For comparison, here is a Prolog solution that uses CLP(ℤ), constraint logic
programming over integers, to express the task:

    
    
        :- use_module(library(clpz)).
    
        latin_square(N, Rows) :-
                length(Rows, N),
                maplist(same_length(Rows), Rows),
                append(Rows, Vs),
                Vs ins 1..N,
                maplist(all_distinct, Rows),
                transpose(Rows, Columns),
                maplist(all_distinct, Columns).
    

To generate _random_ solutions, you only need to implement a suitable labeling
strategy, or use one of the built-in strategies if available.

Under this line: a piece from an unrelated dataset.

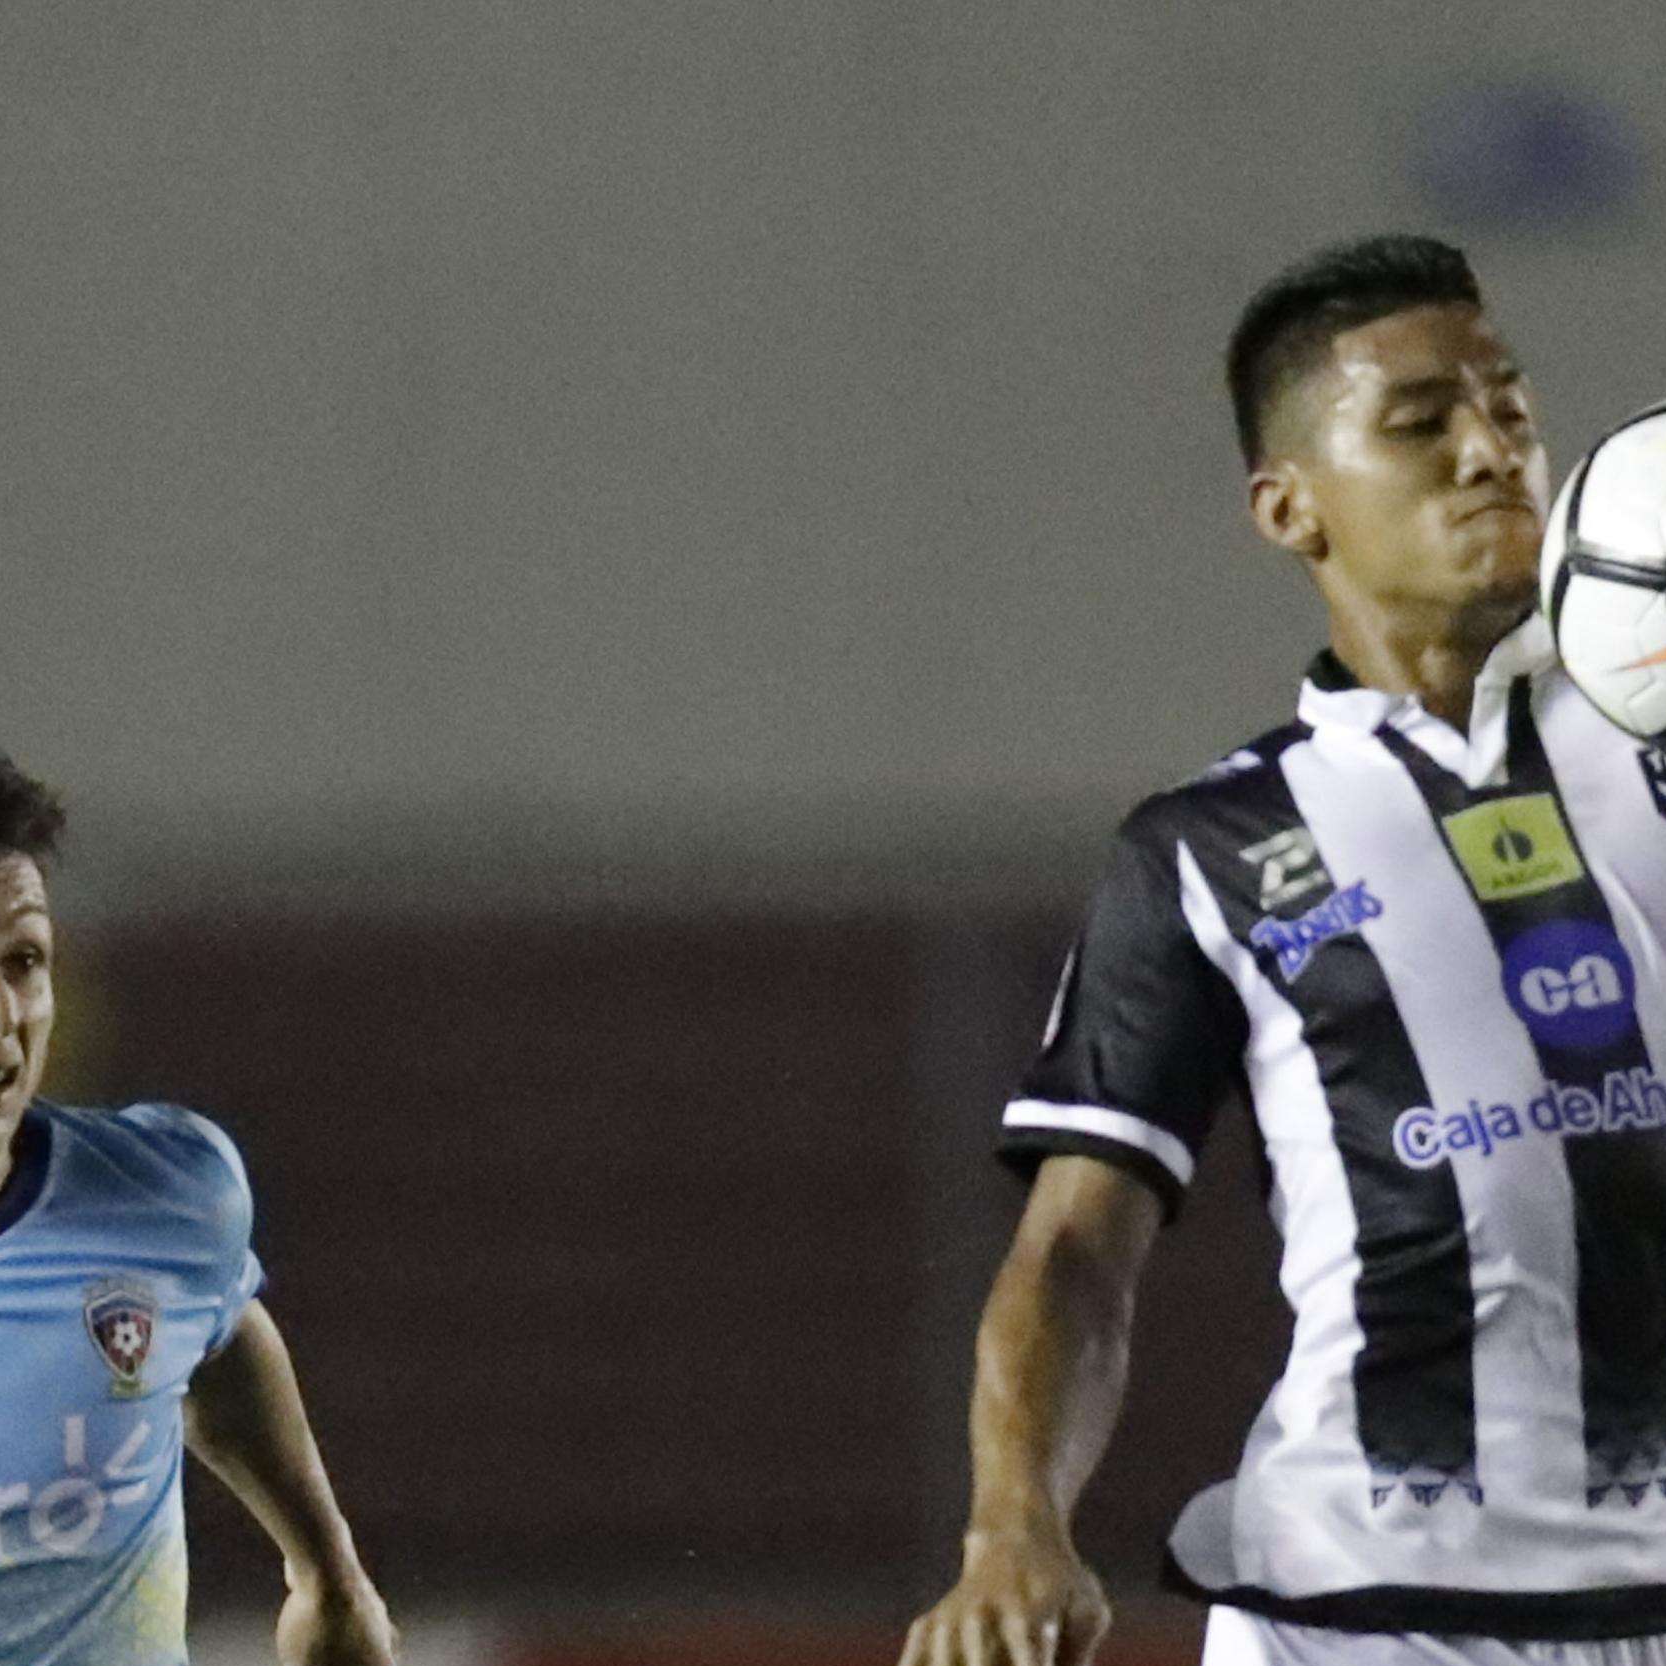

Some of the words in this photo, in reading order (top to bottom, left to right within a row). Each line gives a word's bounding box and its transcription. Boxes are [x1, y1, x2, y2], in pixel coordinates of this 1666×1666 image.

[1519, 954, 1623, 1016] ca
[1395, 1098, 1523, 1166] Caja
[1527, 1082, 1600, 1134] de

For example, here are two different solutions for N = 5:

    
    
        ?- latin_square(5, Rows),
           append(Rows, Vs),
           labeling([ff, random_value(0)], Vs),
           maplist(portray_clause, Rows).
        [4, 2, 1, 3, 5].
        [5, 1, 3, 4, 2].
        [1, 4, 2, 5, 3].
        [2, 3, 5, 1, 4].
        [3, 5, 4, 2, 1].
    

and:

    
    
        ?- latin_square(5, Rows),
           append(Rows, Vs),
           labeling([ff, random_value(1)], Vs),
           maplist(portray_clause, Rows).
        [4, 3, 5, 2, 1].
        [5, 1, 3, 4, 2].
        [2, 5, 1, 3, 4].
        [3, 4, 2, 1, 5].
        [1, 2, 4, 5, 3].
    

Using the Prolog formulations, you can also generate solutions for much larger
squares. For example, here is a solution for N = 12:

    
    
        ?- time((latin_square(12, Rows),
                 append(Rows, Vs),
                 labeling([ff], Vs),
                 maplist(portray_clause, Rows))).
        [1, 2, 3, 4, 5, 6, 7, 8, 9, 10, 11, 12].
        [2, 12, 1, 3, 4, 5, 6, 7, 8, 9, 10, 11].
        [3, 1, 11, 12, 2, 4, 5, 6, 7, 8, 9, 10].
        [4, 3, 9, 10, 11, 12, 1, 2, 5, 6, 7, 8].
        [5, 4, 2, 7, 8, 11, 12, 9, 10, 1, 3, 6].
        [6, 5, 4, 2, 12, 8, 9, 10, 3, 11, 1, 7].
        [7, 6, 5, 1, 3, 2, 10, 11, 12, 4, 8, 9].
        [8, 7, 6, 5, 9, 10, 3, 12, 11, 2, 4, 1].
        [9, 8, 7, 6, 10, 1, 11, 3, 2, 12, 5, 4].
        [10, 9, 8, 11, 1, 3, 2, 4, 6, 7, 12, 5].
        [11, 10, 12, 8, 7, 9, 4, 5, 1, 3, 6, 2].
        [12, 11, 10, 9, 6, 7, 8, 1, 4, 5, 2, 3].
        % 8,146,020 inferences, 2.212 CPU in 2.283 seconds (97% CPU, 3683380 Lips)
    

For best results, try a Prolog system with a fast constraint solver.